I have a folder containing many audio files, but some are ~4 bytes and seem to contain nothing, they are 0 seconds long and have no sound. I want to move them to a folder called "temp/".

How can I move all of the files in the folder that have fewer than 5 bytes to this folder?

like image 896
Village Avatar asked Nov 16 '13 03:11

Village


1 Answers

Find!

You can use find to do this for you:

find . -type f -maxdepth 1 -size -5c -exec mv {} temp/ \;

Explanation

-size -5c grabs all the files less than 5 bytes.
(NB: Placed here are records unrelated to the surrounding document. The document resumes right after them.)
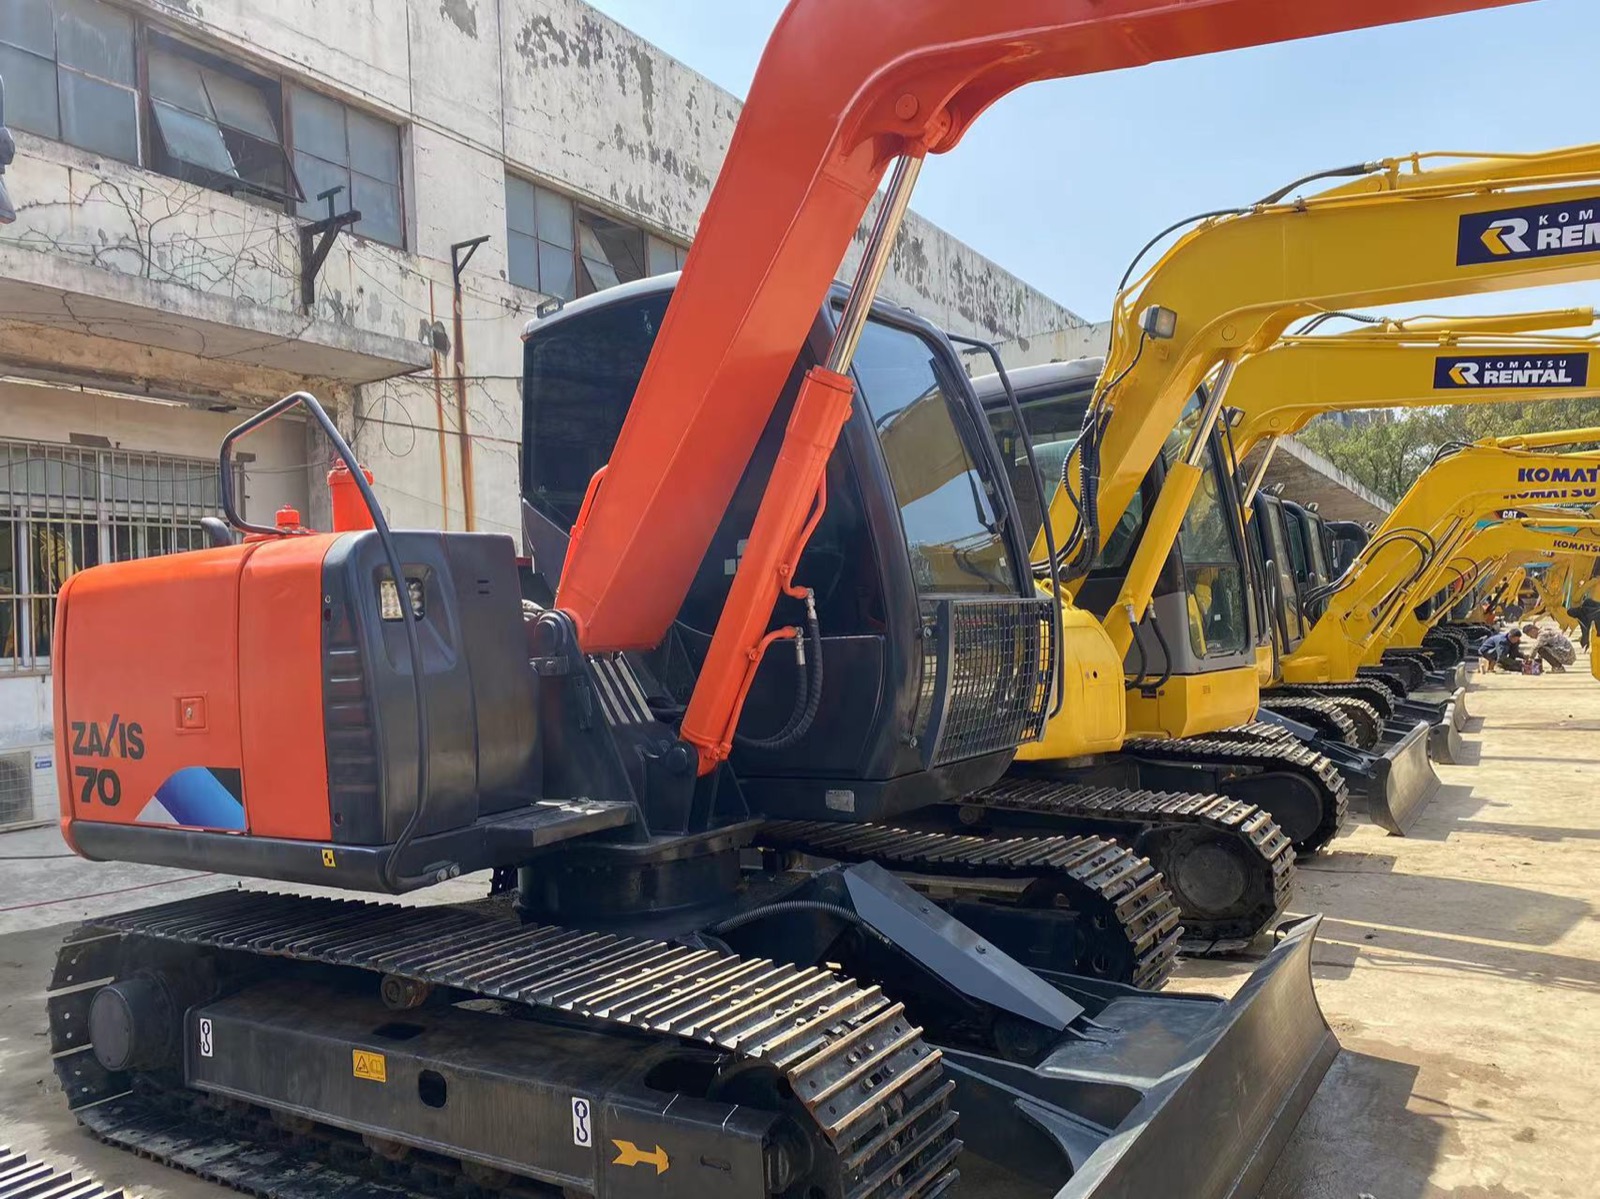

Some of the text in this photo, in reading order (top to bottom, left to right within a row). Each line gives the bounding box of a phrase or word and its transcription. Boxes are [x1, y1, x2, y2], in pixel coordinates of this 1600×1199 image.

[1538, 209, 1594, 226] KOM
[1484, 360, 1567, 369] KOMATSU
[1483, 369, 1572, 385] RENTAL
[1502, 510, 1518, 519] CAT
[1553, 539, 1600, 553] KOMATS
[71, 713, 145, 760] ZAXIS
[75, 765, 121, 807] 70
The - indicates less than and the c indicates bytes.

-maxdepth 1 prevents you from trying to move the files on top of themselves when it tries to recurse into temp/ (after moving your initial files).

-exec mv {} temp/ \; simply runs mv on each file to put them in temp (the {} is substituted for the name of the file). The escaped semicolon marks the end of the mv command for exec.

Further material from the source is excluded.